Ele voltou para a mesa com uma expressão de satisfação no rosto, como se agora tudo estivesse perfeito. Ele ama a música, Angelinne pensou. Estar perto dele fazia com que ela percebesse o quanto.

— Ocorreu a você que nem todos os presentes gostam de Bon Jovi? - Ela cutucou porque a vontade de implicar com ele era mais forte do que ela podia controlar.

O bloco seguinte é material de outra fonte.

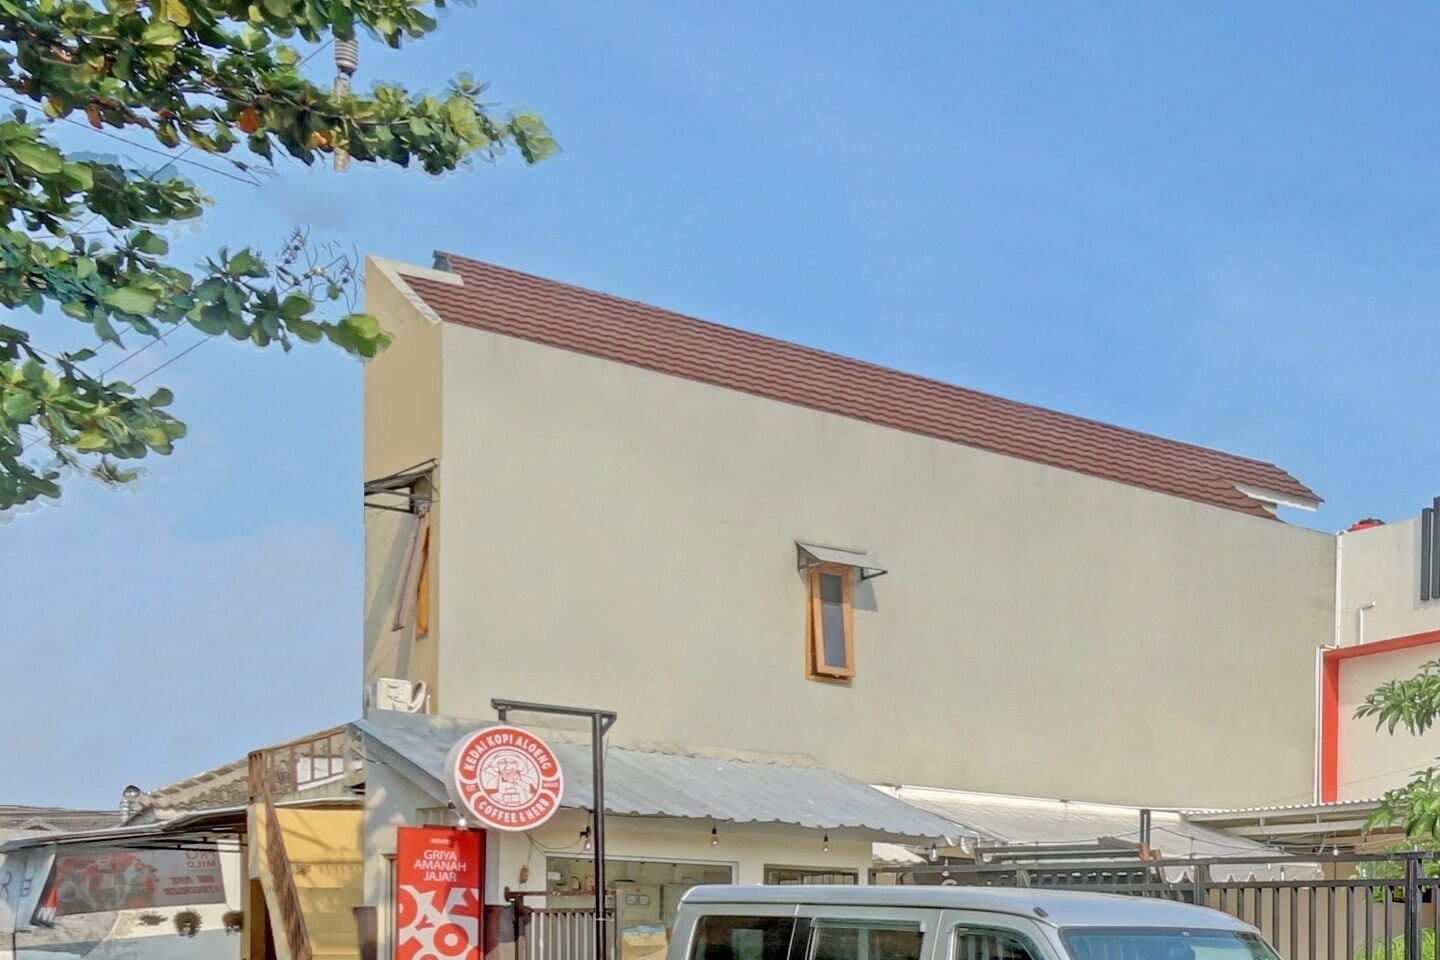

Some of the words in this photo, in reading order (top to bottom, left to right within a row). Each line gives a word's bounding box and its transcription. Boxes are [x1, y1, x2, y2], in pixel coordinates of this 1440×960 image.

Ele parou de cantarolar a música brevemente. - Você não gosta?

— Sim, eu gosto, mas...

— Então os outros importam para quê? - Ele assumiu aquilo com uma naturalidade tão intensa que Angel piscou. - Além do mais, um local sem música é um local sem espírito.

A garçonete que trouxe os novos pedidos e Dan os empurrou para mais perto de Angel. - Bom apetite.

Antes de ele terminar de falar, ela já estava comendo.

Dan não pôde evitar a piadinha. - Isso por que você ‘não estava com muita fome’.”

Após cinco minutos, ela parou de comer e respondeu. - Eu não me sinto bem com você pagando coisas para mim.

— Agora, quem disse que eu vou pagar para você? - Ele sorriu e ela encarou-o. Dan gargalhou. - O que foi? Está com medo de lavar pratos, Angel?

— Eu tenho dinheiro se você quer saber. - Ela contradisse. - Mas você me obrigou a vir, então você quem vai pagar.

— Relaxa, Angelinne. - Ele riu mais um pouco. - Mas não está sendo tão mal, vai.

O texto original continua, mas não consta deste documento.